Start of GIVEN INFORMATION

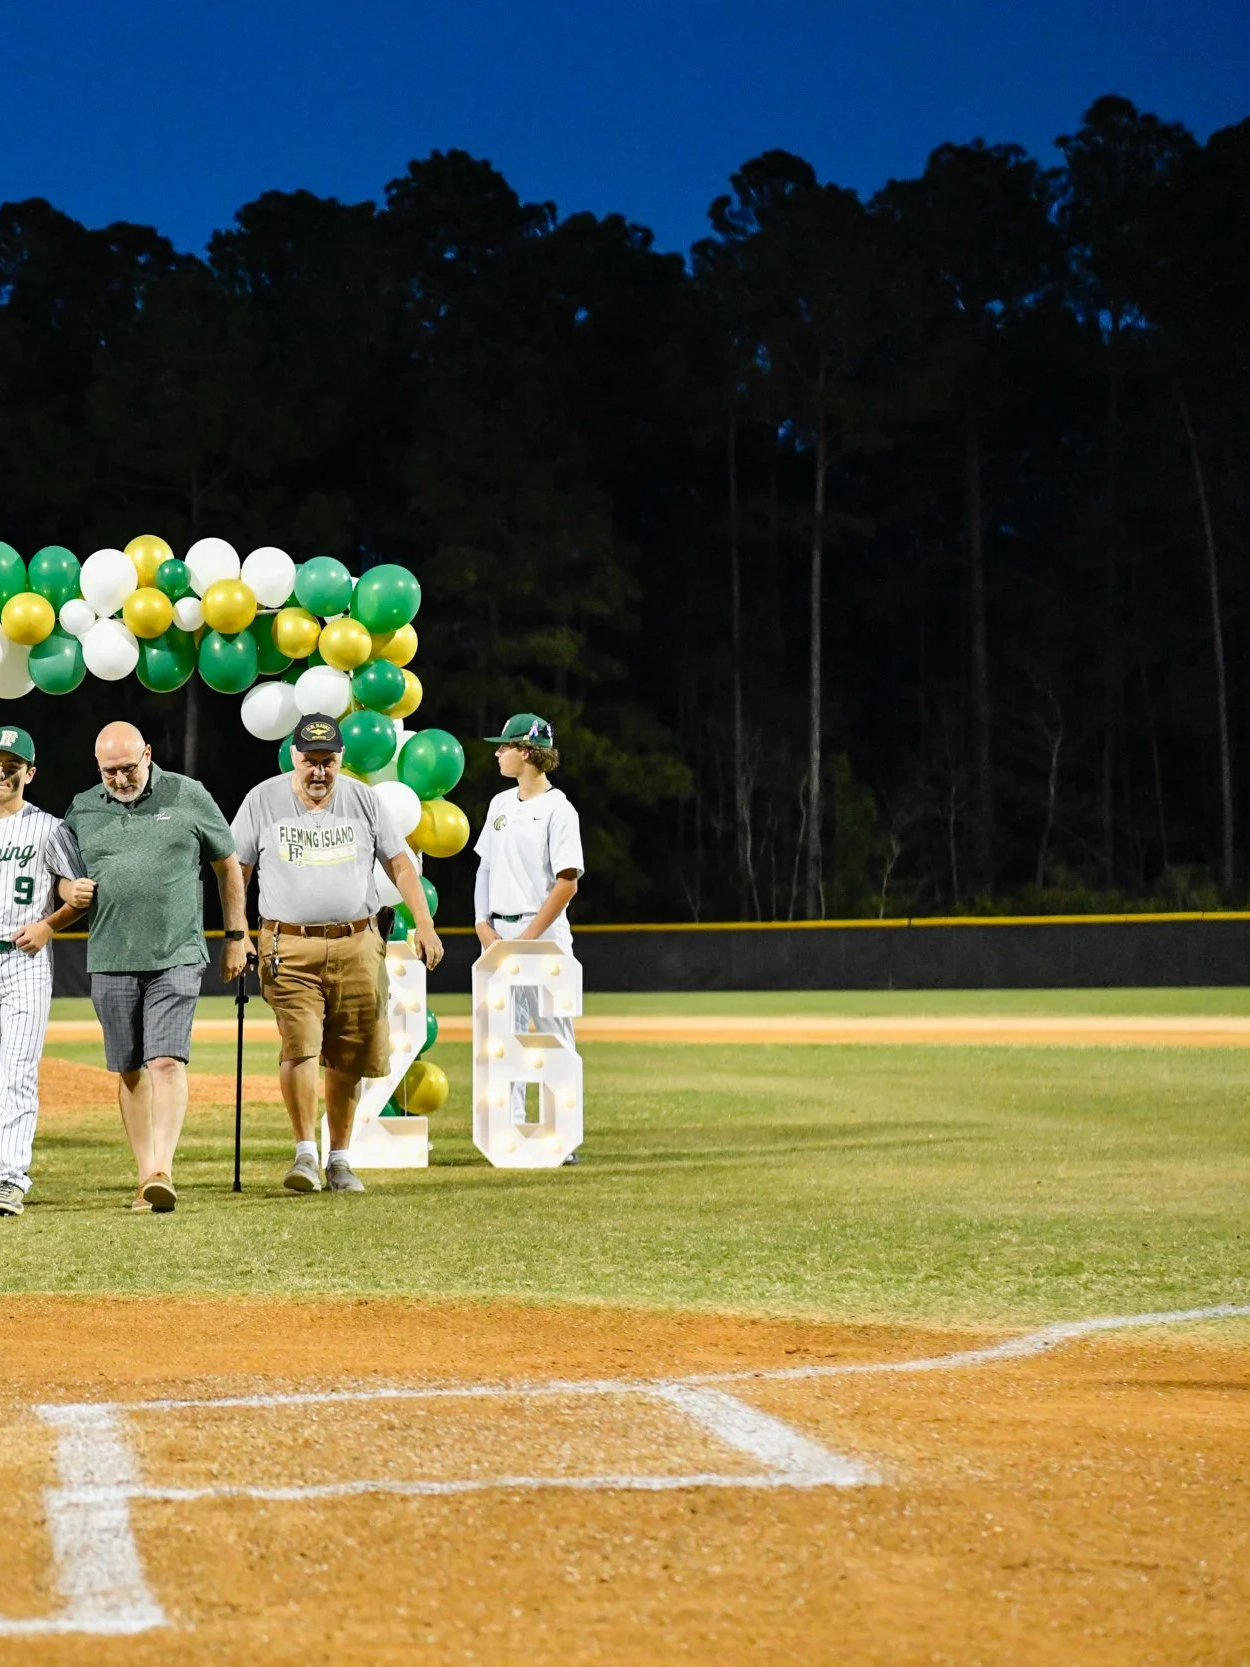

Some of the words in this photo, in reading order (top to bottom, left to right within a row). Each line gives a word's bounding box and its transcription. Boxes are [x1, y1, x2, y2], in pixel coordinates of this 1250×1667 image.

[279, 826, 319, 848] FLEMING
[321, 826, 354, 848] ISLAND
[13, 876, 35, 905] 9
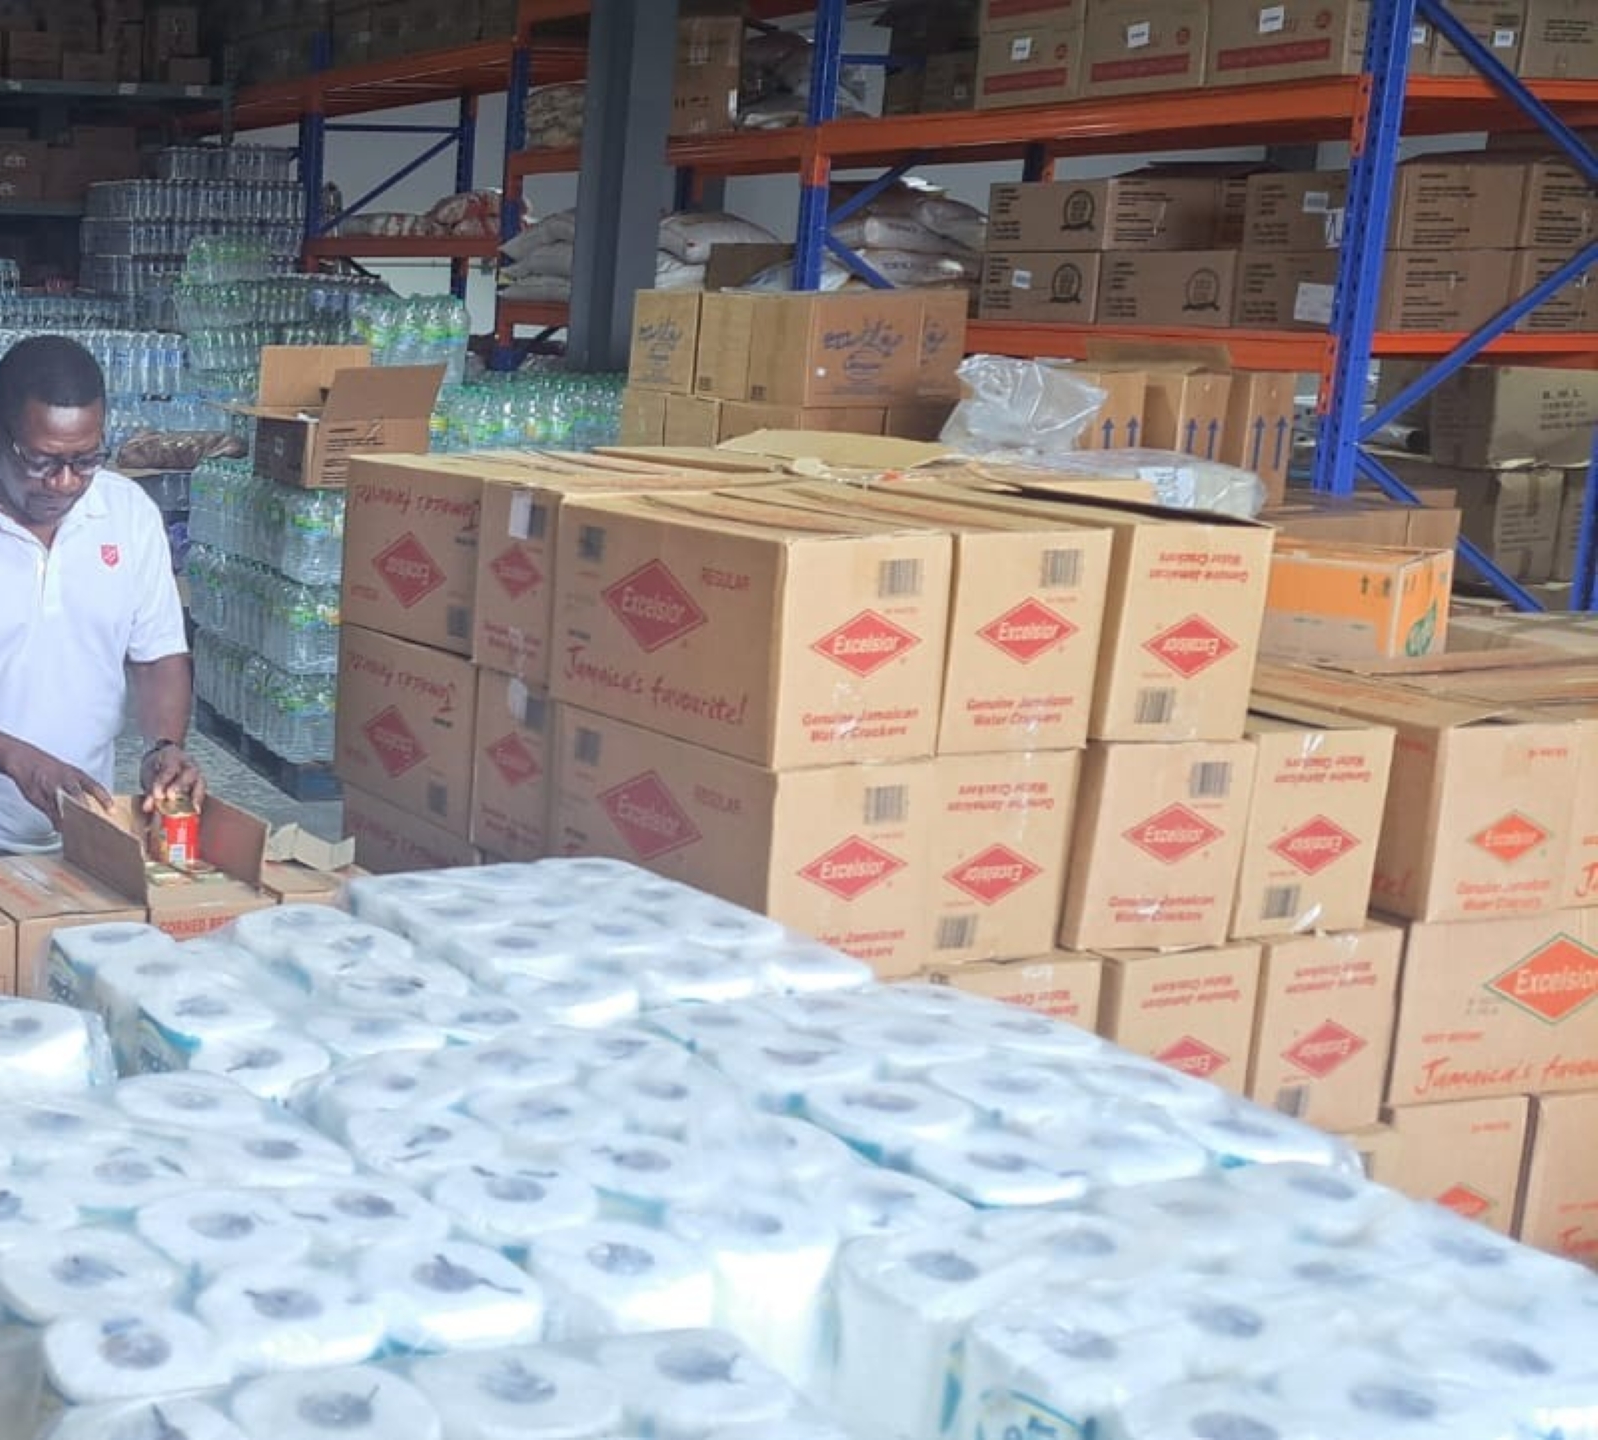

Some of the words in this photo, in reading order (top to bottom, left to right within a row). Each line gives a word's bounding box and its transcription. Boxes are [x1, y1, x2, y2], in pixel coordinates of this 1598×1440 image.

End of GIVEN INFORMATION

_ACTIVITY_. Print the full listing again exactly, and drop every image from it.

_RESPONSE AREA_.
Some of the words in this photo, in reading order (top to bottom, left to right within a row). Each line gives a word's bounding box and its transcription. Boxes are [x1, y1, x2, y2], in pixel coordinates of this 1250×1667 image.

[279, 826, 319, 848] FLEMING
[321, 826, 354, 848] ISLAND
[13, 876, 35, 905] 9

Some of the words in this photo, in reading order (top to bottom, left to right within a row). Each line gives a word's bounding box and its transcription. Boxes are [x1, y1, x2, y2], in pixel coordinates of this 1598×1440 image.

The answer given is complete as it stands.